The complete listing should be copied out exactly.

=== Section Start ===

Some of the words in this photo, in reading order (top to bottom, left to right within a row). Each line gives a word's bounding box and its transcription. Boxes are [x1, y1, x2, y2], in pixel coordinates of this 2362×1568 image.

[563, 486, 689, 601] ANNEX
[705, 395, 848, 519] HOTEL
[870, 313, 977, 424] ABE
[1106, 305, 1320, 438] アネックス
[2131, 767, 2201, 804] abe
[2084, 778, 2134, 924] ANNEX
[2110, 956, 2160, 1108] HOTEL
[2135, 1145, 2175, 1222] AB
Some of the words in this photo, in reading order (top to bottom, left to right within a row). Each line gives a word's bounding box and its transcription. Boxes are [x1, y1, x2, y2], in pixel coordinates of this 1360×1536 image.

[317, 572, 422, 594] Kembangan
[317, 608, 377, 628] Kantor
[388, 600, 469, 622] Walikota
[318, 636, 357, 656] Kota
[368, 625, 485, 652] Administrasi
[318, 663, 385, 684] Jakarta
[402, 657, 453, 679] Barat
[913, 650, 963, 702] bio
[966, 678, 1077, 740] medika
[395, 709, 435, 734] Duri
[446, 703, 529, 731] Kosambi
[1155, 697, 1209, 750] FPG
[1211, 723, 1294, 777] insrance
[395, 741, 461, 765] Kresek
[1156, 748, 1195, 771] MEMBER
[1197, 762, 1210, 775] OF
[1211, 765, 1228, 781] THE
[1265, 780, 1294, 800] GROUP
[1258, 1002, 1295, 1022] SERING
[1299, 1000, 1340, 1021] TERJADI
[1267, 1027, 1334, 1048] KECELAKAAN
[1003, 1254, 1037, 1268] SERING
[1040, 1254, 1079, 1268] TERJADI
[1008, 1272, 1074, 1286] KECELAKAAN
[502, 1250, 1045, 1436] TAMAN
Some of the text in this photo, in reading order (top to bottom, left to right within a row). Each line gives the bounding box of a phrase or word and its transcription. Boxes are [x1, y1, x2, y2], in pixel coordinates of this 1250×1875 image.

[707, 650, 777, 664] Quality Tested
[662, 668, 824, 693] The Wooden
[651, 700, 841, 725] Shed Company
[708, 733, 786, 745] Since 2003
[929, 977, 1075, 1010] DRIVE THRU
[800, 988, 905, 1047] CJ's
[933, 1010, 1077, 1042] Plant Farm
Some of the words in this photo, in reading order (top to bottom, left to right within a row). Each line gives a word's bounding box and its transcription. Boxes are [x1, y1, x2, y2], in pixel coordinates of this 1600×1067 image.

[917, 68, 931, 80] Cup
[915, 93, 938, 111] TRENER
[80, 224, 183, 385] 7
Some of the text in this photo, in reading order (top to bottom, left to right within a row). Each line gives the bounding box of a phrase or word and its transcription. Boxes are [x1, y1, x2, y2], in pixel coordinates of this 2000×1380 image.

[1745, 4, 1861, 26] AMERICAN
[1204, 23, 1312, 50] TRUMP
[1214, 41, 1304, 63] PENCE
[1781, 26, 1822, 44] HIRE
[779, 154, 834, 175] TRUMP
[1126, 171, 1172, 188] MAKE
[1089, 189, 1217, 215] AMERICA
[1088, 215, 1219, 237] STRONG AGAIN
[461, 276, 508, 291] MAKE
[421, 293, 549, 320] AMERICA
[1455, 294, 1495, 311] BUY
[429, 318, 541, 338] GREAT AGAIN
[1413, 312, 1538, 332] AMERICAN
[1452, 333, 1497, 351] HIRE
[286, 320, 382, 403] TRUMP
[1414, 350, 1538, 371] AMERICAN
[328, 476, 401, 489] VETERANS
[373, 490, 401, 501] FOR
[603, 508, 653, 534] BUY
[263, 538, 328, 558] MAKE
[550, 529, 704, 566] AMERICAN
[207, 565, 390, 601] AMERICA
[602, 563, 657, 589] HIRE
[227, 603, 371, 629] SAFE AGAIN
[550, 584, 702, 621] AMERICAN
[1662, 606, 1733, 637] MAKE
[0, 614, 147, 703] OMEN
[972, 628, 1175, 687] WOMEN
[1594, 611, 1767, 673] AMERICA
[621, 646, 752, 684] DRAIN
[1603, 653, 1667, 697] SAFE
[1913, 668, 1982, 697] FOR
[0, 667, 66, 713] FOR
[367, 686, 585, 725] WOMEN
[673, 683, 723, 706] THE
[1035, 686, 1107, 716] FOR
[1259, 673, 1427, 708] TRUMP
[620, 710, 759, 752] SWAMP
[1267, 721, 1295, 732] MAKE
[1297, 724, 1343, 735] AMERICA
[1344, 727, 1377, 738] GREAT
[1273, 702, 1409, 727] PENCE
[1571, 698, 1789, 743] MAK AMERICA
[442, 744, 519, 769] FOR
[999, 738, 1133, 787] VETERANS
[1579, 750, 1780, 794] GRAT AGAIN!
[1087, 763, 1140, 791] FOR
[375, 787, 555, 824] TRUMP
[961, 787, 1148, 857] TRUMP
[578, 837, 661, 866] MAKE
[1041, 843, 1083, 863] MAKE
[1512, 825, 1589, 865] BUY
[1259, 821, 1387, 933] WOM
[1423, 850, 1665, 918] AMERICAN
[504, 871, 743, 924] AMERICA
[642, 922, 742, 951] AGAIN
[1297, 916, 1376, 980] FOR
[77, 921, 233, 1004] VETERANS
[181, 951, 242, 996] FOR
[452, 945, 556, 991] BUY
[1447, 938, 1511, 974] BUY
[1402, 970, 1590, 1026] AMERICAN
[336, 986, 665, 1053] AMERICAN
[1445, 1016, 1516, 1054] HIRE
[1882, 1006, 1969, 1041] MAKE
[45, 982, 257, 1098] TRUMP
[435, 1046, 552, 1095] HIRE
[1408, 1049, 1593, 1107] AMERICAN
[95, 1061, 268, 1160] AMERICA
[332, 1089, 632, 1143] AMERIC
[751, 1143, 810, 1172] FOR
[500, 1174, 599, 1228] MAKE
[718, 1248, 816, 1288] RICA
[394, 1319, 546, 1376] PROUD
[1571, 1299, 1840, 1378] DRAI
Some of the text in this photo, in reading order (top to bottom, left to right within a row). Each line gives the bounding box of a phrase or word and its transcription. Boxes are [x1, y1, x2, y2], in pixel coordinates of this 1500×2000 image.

=== Section End ===

## RESULT FOR THIS TASK
Some of the words in this photo, in reading order (top to bottom, left to right within a row). Each line gives a word's bounding box and its transcription. Boxes are [x1, y1, x2, y2], in pixel coordinates of this 2362×1568 image.

[563, 486, 689, 601] ANNEX
[705, 395, 848, 519] HOTEL
[870, 313, 977, 424] ABE
[1106, 305, 1320, 438] アネックス
[2131, 767, 2201, 804] abe
[2084, 778, 2134, 924] ANNEX
[2110, 956, 2160, 1108] HOTEL
[2135, 1145, 2175, 1222] AB
Some of the words in this photo, in reading order (top to bottom, left to right within a row). Each line gives a word's bounding box and its transcription. Boxes are [x1, y1, x2, y2], in pixel coordinates of this 1360×1536 image.

[317, 572, 422, 594] Kembangan
[317, 608, 377, 628] Kantor
[388, 600, 469, 622] Walikota
[318, 636, 357, 656] Kota
[368, 625, 485, 652] Administrasi
[318, 663, 385, 684] Jakarta
[402, 657, 453, 679] Barat
[913, 650, 963, 702] bio
[966, 678, 1077, 740] medika
[395, 709, 435, 734] Duri
[446, 703, 529, 731] Kosambi
[1155, 697, 1209, 750] FPG
[1211, 723, 1294, 777] insrance
[395, 741, 461, 765] Kresek
[1156, 748, 1195, 771] MEMBER
[1197, 762, 1210, 775] OF
[1211, 765, 1228, 781] THE
[1265, 780, 1294, 800] GROUP
[1258, 1002, 1295, 1022] SERING
[1299, 1000, 1340, 1021] TERJADI
[1267, 1027, 1334, 1048] KECELAKAAN
[1003, 1254, 1037, 1268] SERING
[1040, 1254, 1079, 1268] TERJADI
[1008, 1272, 1074, 1286] KECELAKAAN
[502, 1250, 1045, 1436] TAMAN
Some of the text in this photo, in reading order (top to bottom, left to right within a row). Each line gives the bounding box of a phrase or word and its transcription. Boxes are [x1, y1, x2, y2], in pixel coordinates of this 1250×1875 image.

[707, 650, 777, 664] Quality Tested
[662, 668, 824, 693] The Wooden
[651, 700, 841, 725] Shed Company
[708, 733, 786, 745] Since 2003
[929, 977, 1075, 1010] DRIVE THRU
[800, 988, 905, 1047] CJ's
[933, 1010, 1077, 1042] Plant Farm
Some of the words in this photo, in reading order (top to bottom, left to right within a row). Each line gives a word's bounding box and its transcription. Boxes are [x1, y1, x2, y2], in pixel coordinates of this 1600×1067 image.

[917, 68, 931, 80] Cup
[915, 93, 938, 111] TRENER
[80, 224, 183, 385] 7
Some of the text in this photo, in reading order (top to bottom, left to right within a row). Each line gives the bounding box of a phrase or word and its transcription. Boxes are [x1, y1, x2, y2], in pixel coordinates of this 2000×1380 image.

[1745, 4, 1861, 26] AMERICAN
[1204, 23, 1312, 50] TRUMP
[1214, 41, 1304, 63] PENCE
[1781, 26, 1822, 44] HIRE
[779, 154, 834, 175] TRUMP
[1126, 171, 1172, 188] MAKE
[1089, 189, 1217, 215] AMERICA
[1088, 215, 1219, 237] STRONG AGAIN
[461, 276, 508, 291] MAKE
[421, 293, 549, 320] AMERICA
[1455, 294, 1495, 311] BUY
[429, 318, 541, 338] GREAT AGAIN
[1413, 312, 1538, 332] AMERICAN
[1452, 333, 1497, 351] HIRE
[286, 320, 382, 403] TRUMP
[1414, 350, 1538, 371] AMERICAN
[328, 476, 401, 489] VETERANS
[373, 490, 401, 501] FOR
[603, 508, 653, 534] BUY
[263, 538, 328, 558] MAKE
[550, 529, 704, 566] AMERICAN
[207, 565, 390, 601] AMERICA
[602, 563, 657, 589] HIRE
[227, 603, 371, 629] SAFE AGAIN
[550, 584, 702, 621] AMERICAN
[1662, 606, 1733, 637] MAKE
[0, 614, 147, 703] OMEN
[972, 628, 1175, 687] WOMEN
[1594, 611, 1767, 673] AMERICA
[621, 646, 752, 684] DRAIN
[1603, 653, 1667, 697] SAFE
[1913, 668, 1982, 697] FOR
[0, 667, 66, 713] FOR
[367, 686, 585, 725] WOMEN
[673, 683, 723, 706] THE
[1035, 686, 1107, 716] FOR
[1259, 673, 1427, 708] TRUMP
[620, 710, 759, 752] SWAMP
[1267, 721, 1295, 732] MAKE
[1297, 724, 1343, 735] AMERICA
[1344, 727, 1377, 738] GREAT
[1273, 702, 1409, 727] PENCE
[1571, 698, 1789, 743] MAK AMERICA
[442, 744, 519, 769] FOR
[999, 738, 1133, 787] VETERANS
[1579, 750, 1780, 794] GRAT AGAIN!
[1087, 763, 1140, 791] FOR
[375, 787, 555, 824] TRUMP
[961, 787, 1148, 857] TRUMP
[578, 837, 661, 866] MAKE
[1041, 843, 1083, 863] MAKE
[1512, 825, 1589, 865] BUY
[1259, 821, 1387, 933] WOM
[1423, 850, 1665, 918] AMERICAN
[504, 871, 743, 924] AMERICA
[642, 922, 742, 951] AGAIN
[1297, 916, 1376, 980] FOR
[77, 921, 233, 1004] VETERANS
[181, 951, 242, 996] FOR
[452, 945, 556, 991] BUY
[1447, 938, 1511, 974] BUY
[1402, 970, 1590, 1026] AMERICAN
[336, 986, 665, 1053] AMERICAN
[1445, 1016, 1516, 1054] HIRE
[1882, 1006, 1969, 1041] MAKE
[45, 982, 257, 1098] TRUMP
[435, 1046, 552, 1095] HIRE
[1408, 1049, 1593, 1107] AMERICAN
[95, 1061, 268, 1160] AMERICA
[332, 1089, 632, 1143] AMERIC
[751, 1143, 810, 1172] FOR
[500, 1174, 599, 1228] MAKE
[718, 1248, 816, 1288] RICA
[394, 1319, 546, 1376] PROUD
[1571, 1299, 1840, 1378] DRAI
Some of the text in this photo, in reading order (top to bottom, left to right within a row). Each line gives the bounding box of a phrase or word and its transcription. Boxes are [x1, y1, x2, y2], in pixel coordinates of this 1500×2000 image.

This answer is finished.